The Other Washington Monument | Alice Roosevelt, Theodore’s Wild Child

Presidential daughters have always been scrutinised by the American press. Some have served as trusted advisors – we see Ivanka Trump in this role. Others have caused embarrassment – the Bush twins immediately come to mind. Cited for underage drinking, using fake ID’s and generally exuding a wild child air, Barbara and Jenna Bush were a secret service nightmare. Their escapades however, seem trivial when compared to those of Alice Roosevelt.

Now there was a first daughter you could write about.

Her father, Vice-President Theodore Roosevelt unexpectedly gained office in 1901 when President William McKinley was assassinated. Beautiful and bold, teenager Alice swept into the White House just as the curtain opened on the twentieth century. She remained the ‘talk of the town’ for over seven decades.

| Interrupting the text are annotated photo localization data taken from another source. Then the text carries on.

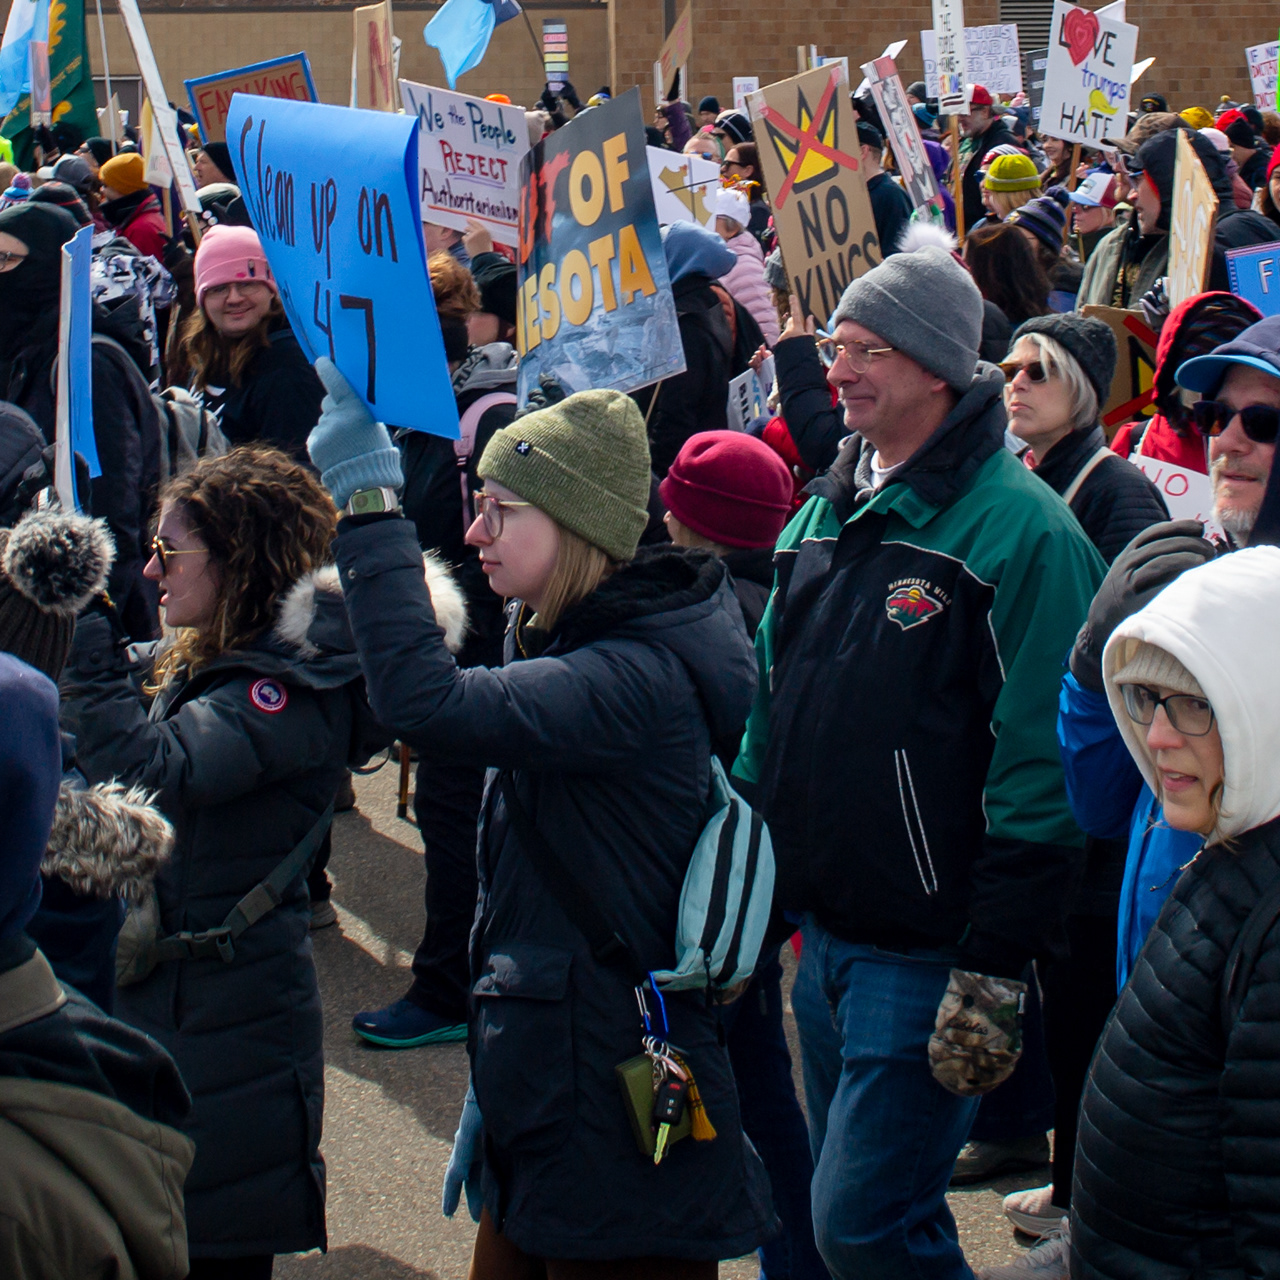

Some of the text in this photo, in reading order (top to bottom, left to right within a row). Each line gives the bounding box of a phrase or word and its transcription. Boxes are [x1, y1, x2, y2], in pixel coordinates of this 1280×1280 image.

[1058, 13, 1117, 67] LVE
[1081, 61, 1128, 105] trumps
[407, 87, 516, 150] We the People
[439, 139, 508, 183] REJECT
[568, 131, 631, 227] OF
[310, 176, 337, 281] up
[357, 185, 399, 264] on
[797, 184, 850, 259] NO
[312, 280, 377, 406] 47
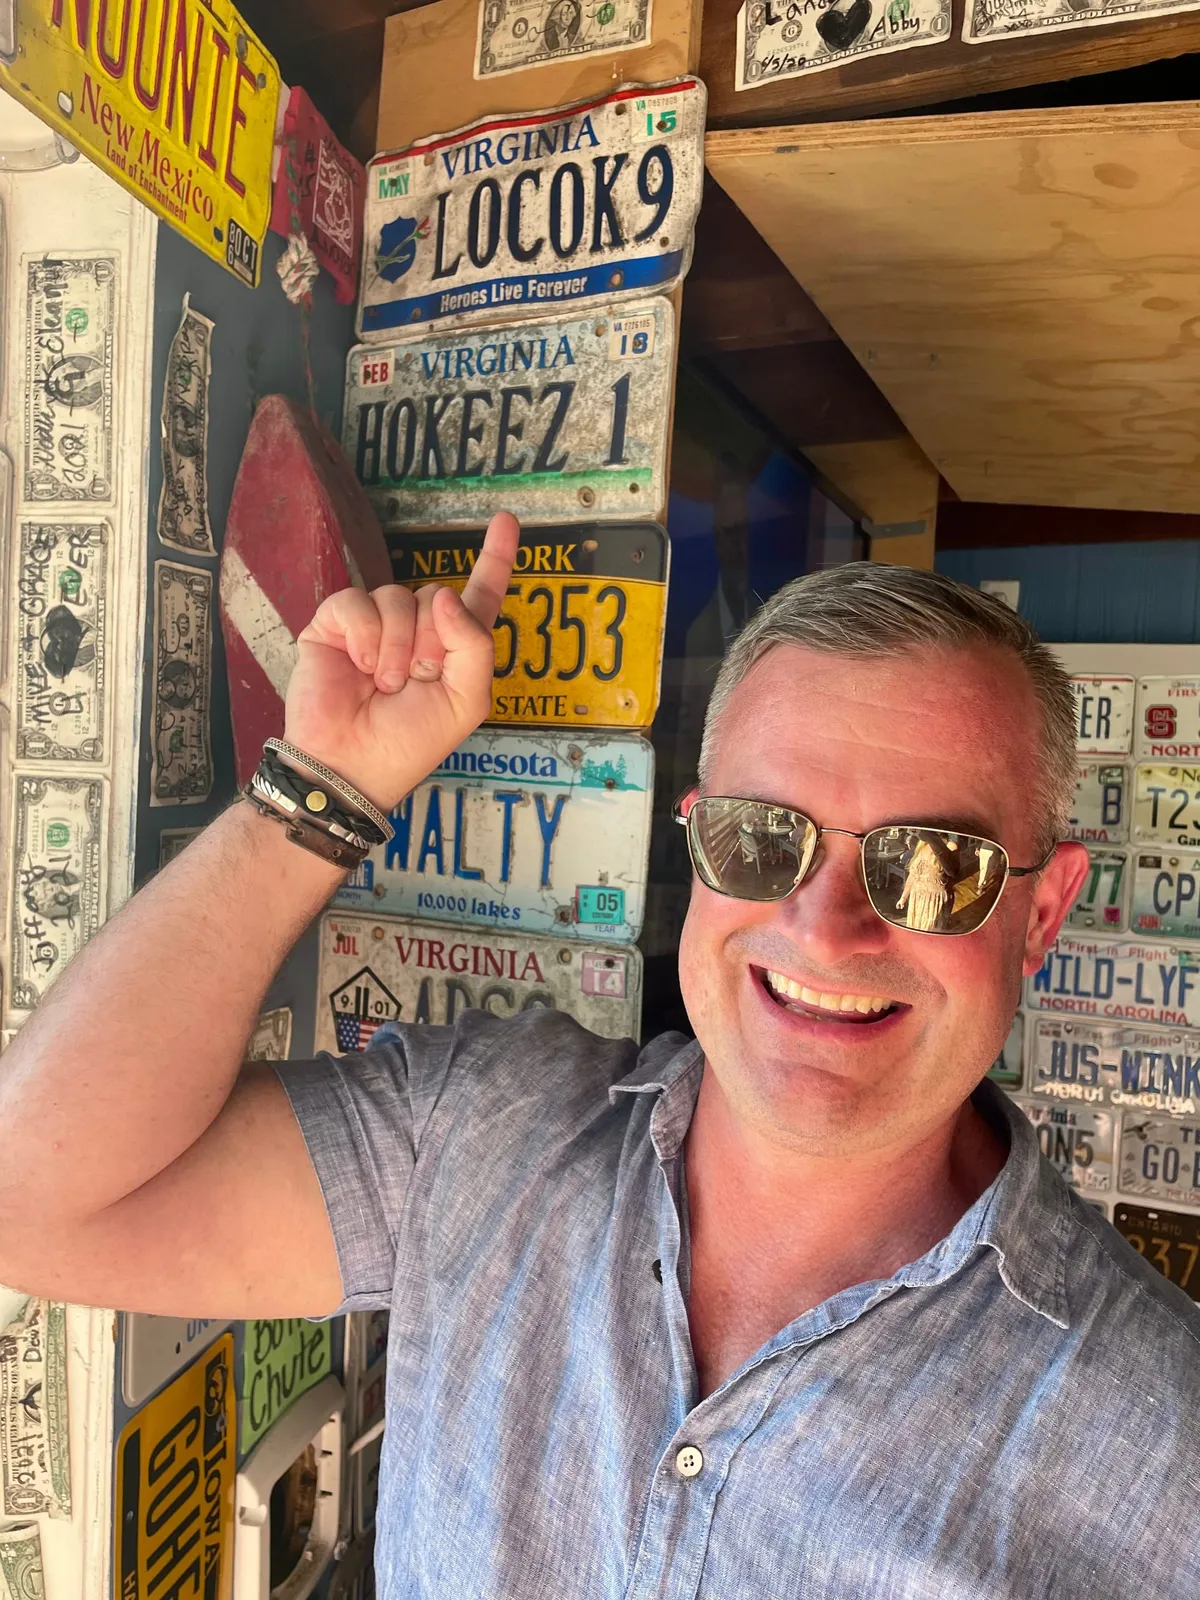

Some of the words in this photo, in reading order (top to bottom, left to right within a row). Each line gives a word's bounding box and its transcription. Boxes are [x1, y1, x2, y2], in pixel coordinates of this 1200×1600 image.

Alice’s early childhood is a typically callous Victorian tale. Her mother, Alice Lee, died two days after giving birth to her in 1884. It was a day that Theodore would never forget. His mother died on the same day and he spent his time running from one death bed to the other. Racked by grief, he took himself off to his ranch in Dakota, leaving Baby Alice in the care of his sister Bye.

Theodore’s method of coping was to never mention his wife’s name again, and for years called his daughter Lee. When Bye had to surrender the little girl to Roosevelt’s second wife Edith, emotional issues surfaced. Edith was the old flame that Theodore had put out years before, in favour of Alice Lee. With little attention from the father she adored and under the frosty eye of a stepmother, Alice felt like an extra in her new family.

Edith insisted that the little girl call her ‘Mother,’ though young Alice believed that her mother was in Heaven. The second Mrs Roosevelt made it clear that she regarded her predecessor as a beautiful but inane air-head. ‘Had your mother lived,’ she once shouted at Alice,‘she would have bored your father to death.’

Alice enchanted the American public. At the inauguration ball, she wore a gown of what was known ever after as Alice blue. She inspired the songs – ‘Alice Where Art Thou’ and ‘Alice Blue Gown’. The latter’s lyrics suggest a sedate young lady, but sedate she was not – she was a hellcat. Fiercely opinionated, she did sensational things at a time when women weren’t allowed do sensational things – like, say, vote.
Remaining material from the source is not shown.